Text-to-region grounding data
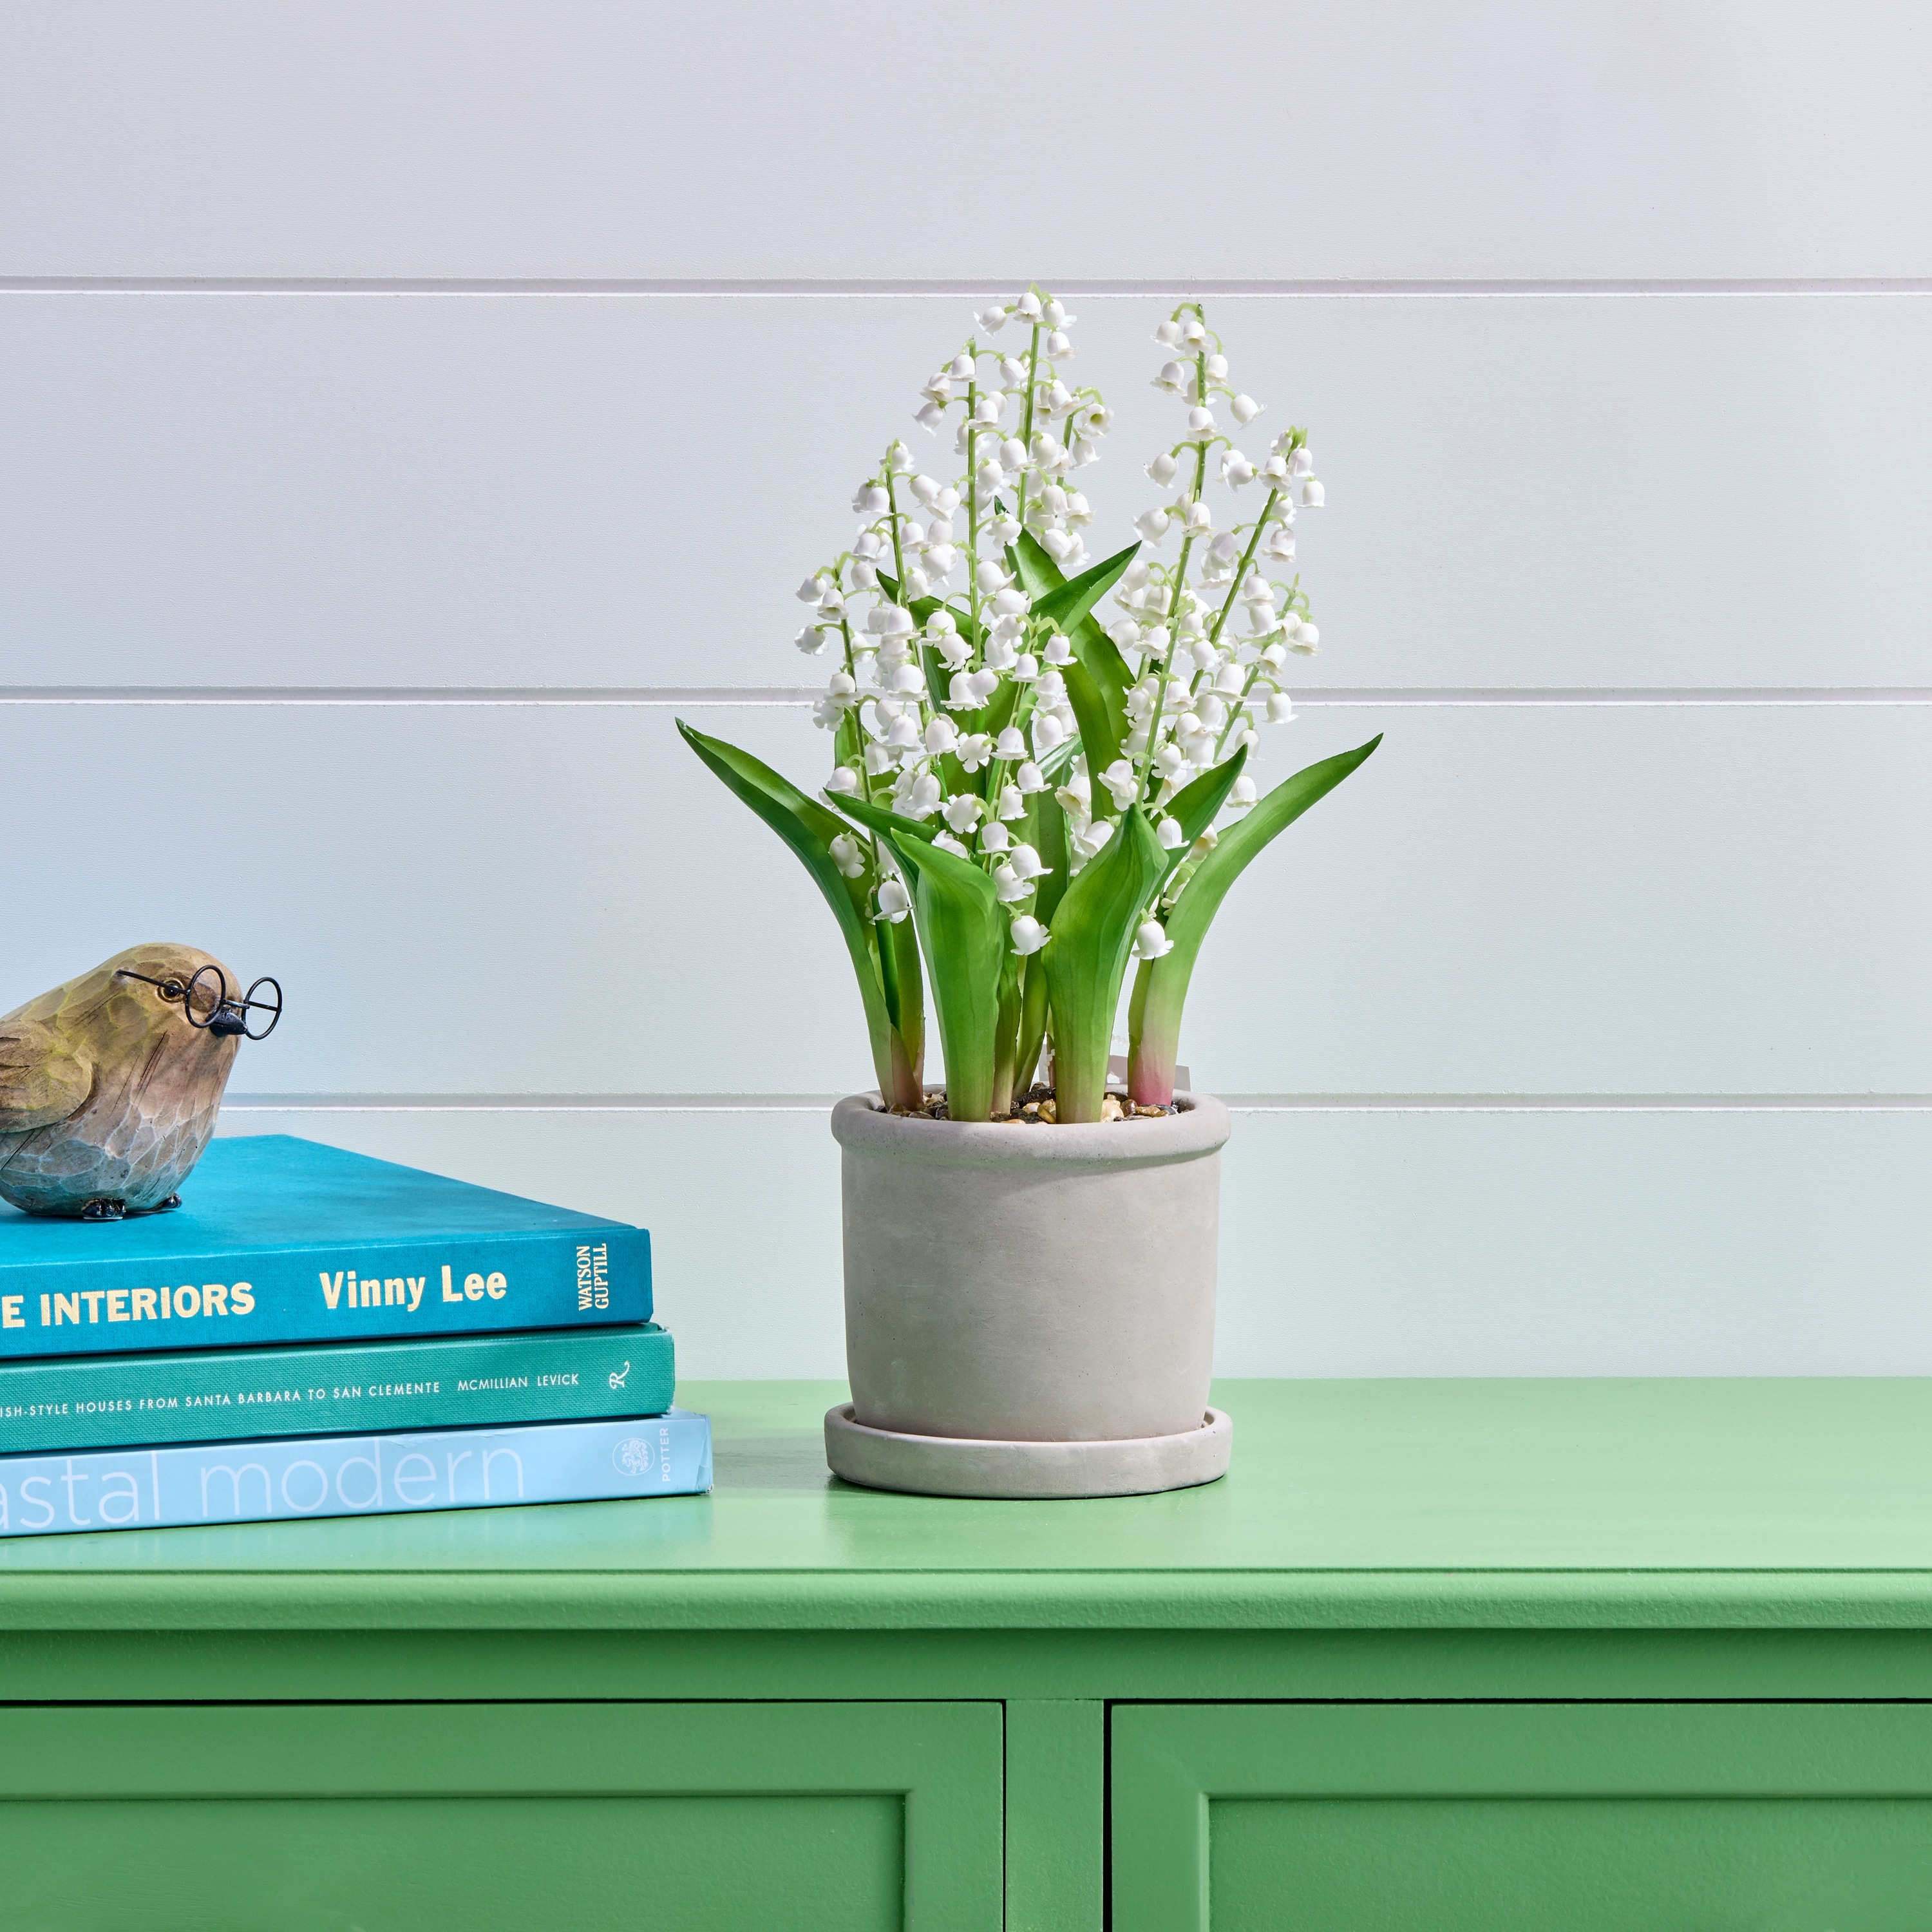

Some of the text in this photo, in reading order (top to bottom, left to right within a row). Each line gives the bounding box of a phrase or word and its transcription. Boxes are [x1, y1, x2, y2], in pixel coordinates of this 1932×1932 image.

[319, 1265, 507, 1311] Vinny Lee
[576, 1245, 592, 1311] WATSON
[593, 1243, 609, 1309] GUPTILL
[2, 1282, 255, 1328] E INTERIORS
[76, 1399, 133, 1414] HOUSES
[139, 1397, 178, 1409] FROM
[185, 1394, 231, 1406] SANTA
[238, 1389, 301, 1404] BARBARA
[308, 1388, 325, 1399] TO
[333, 1386, 361, 1397] SAN
[369, 1381, 440, 1396] CLEMENTE
[458, 1373, 579, 1392] MCMILLIAN LEVICK
[660, 1428, 671, 1482] POTTER
[0, 1436, 524, 1530] stal modern
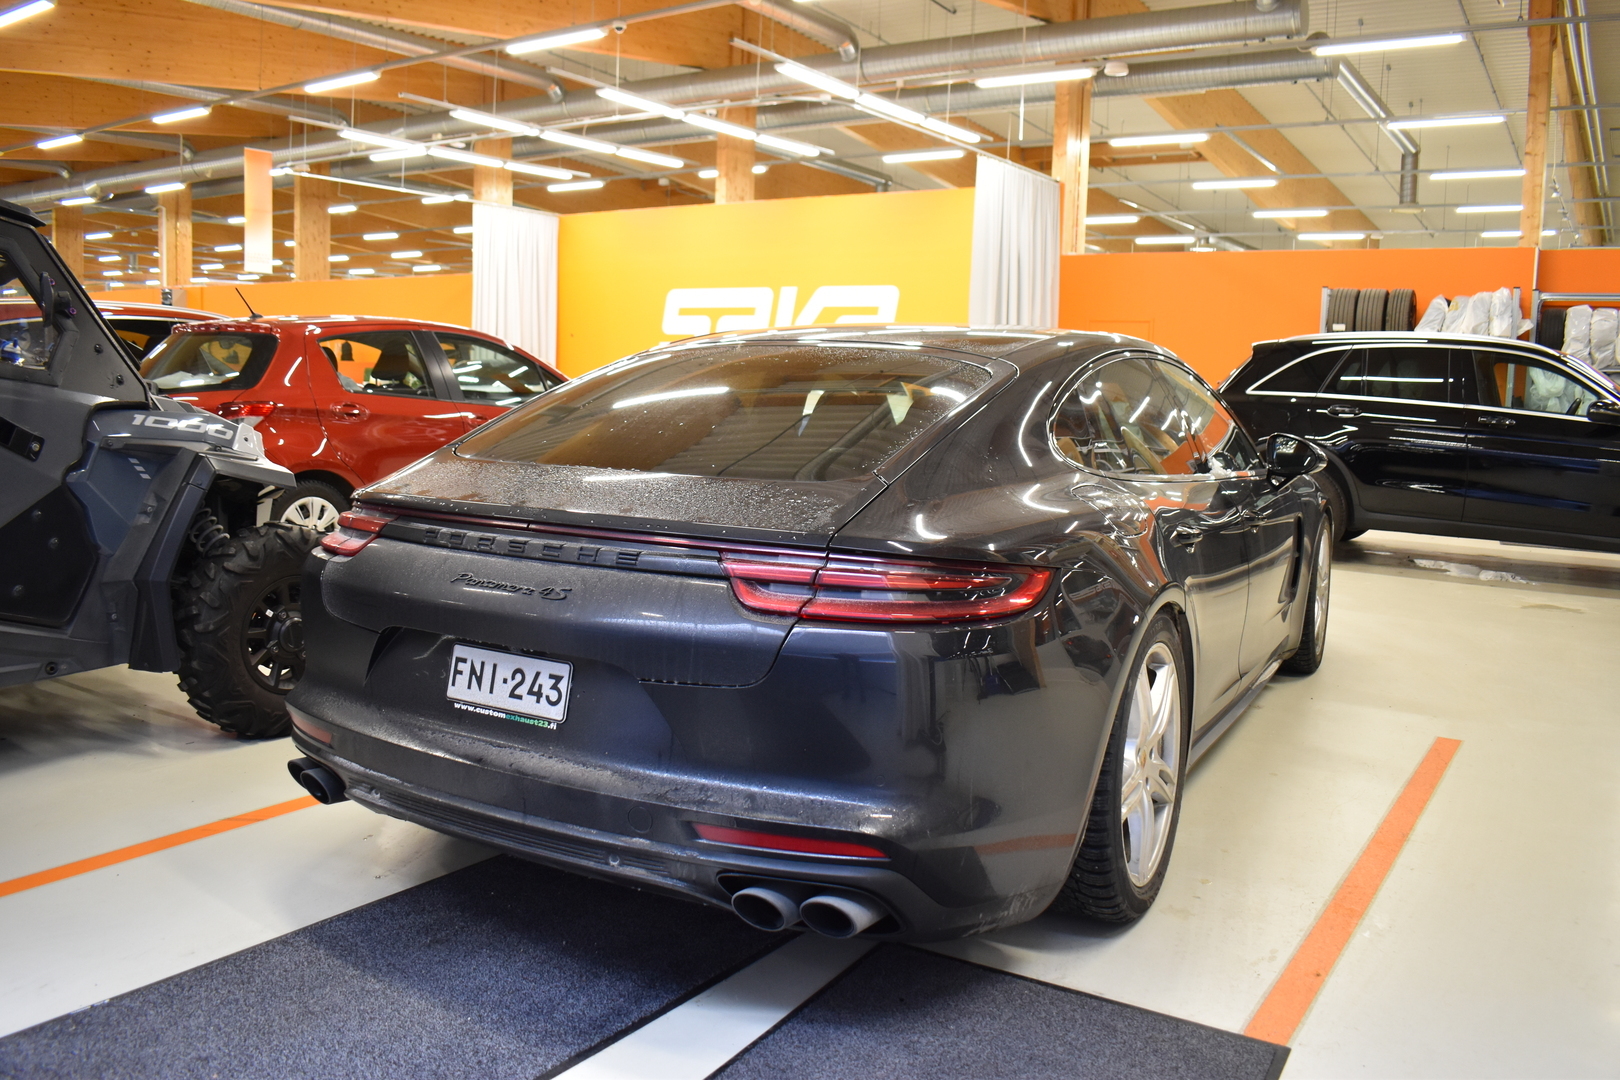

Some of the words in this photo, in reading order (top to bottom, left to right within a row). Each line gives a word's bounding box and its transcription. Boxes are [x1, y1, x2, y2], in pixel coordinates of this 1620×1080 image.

[424, 528, 643, 566] PORSCHE
[451, 572, 536, 596] Panamera
[537, 586, 572, 601] 4S
[453, 702, 558, 731] www.customexhaust23.fi

Task requirements:
Looking at the records above, please output exactly the lines that run from the one holding "Some of the words" to the final line, and only those.

Task result:
Some of the words in this photo, in reading order (top to bottom, left to right within a row). Each line gives a word's bounding box and its transcription. Boxes are [x1, y1, x2, y2], in pixel coordinates of this 1620×1080 image.

[424, 528, 643, 566] PORSCHE
[451, 572, 536, 596] Panamera
[537, 586, 572, 601] 4S
[453, 702, 558, 731] www.customexhaust23.fi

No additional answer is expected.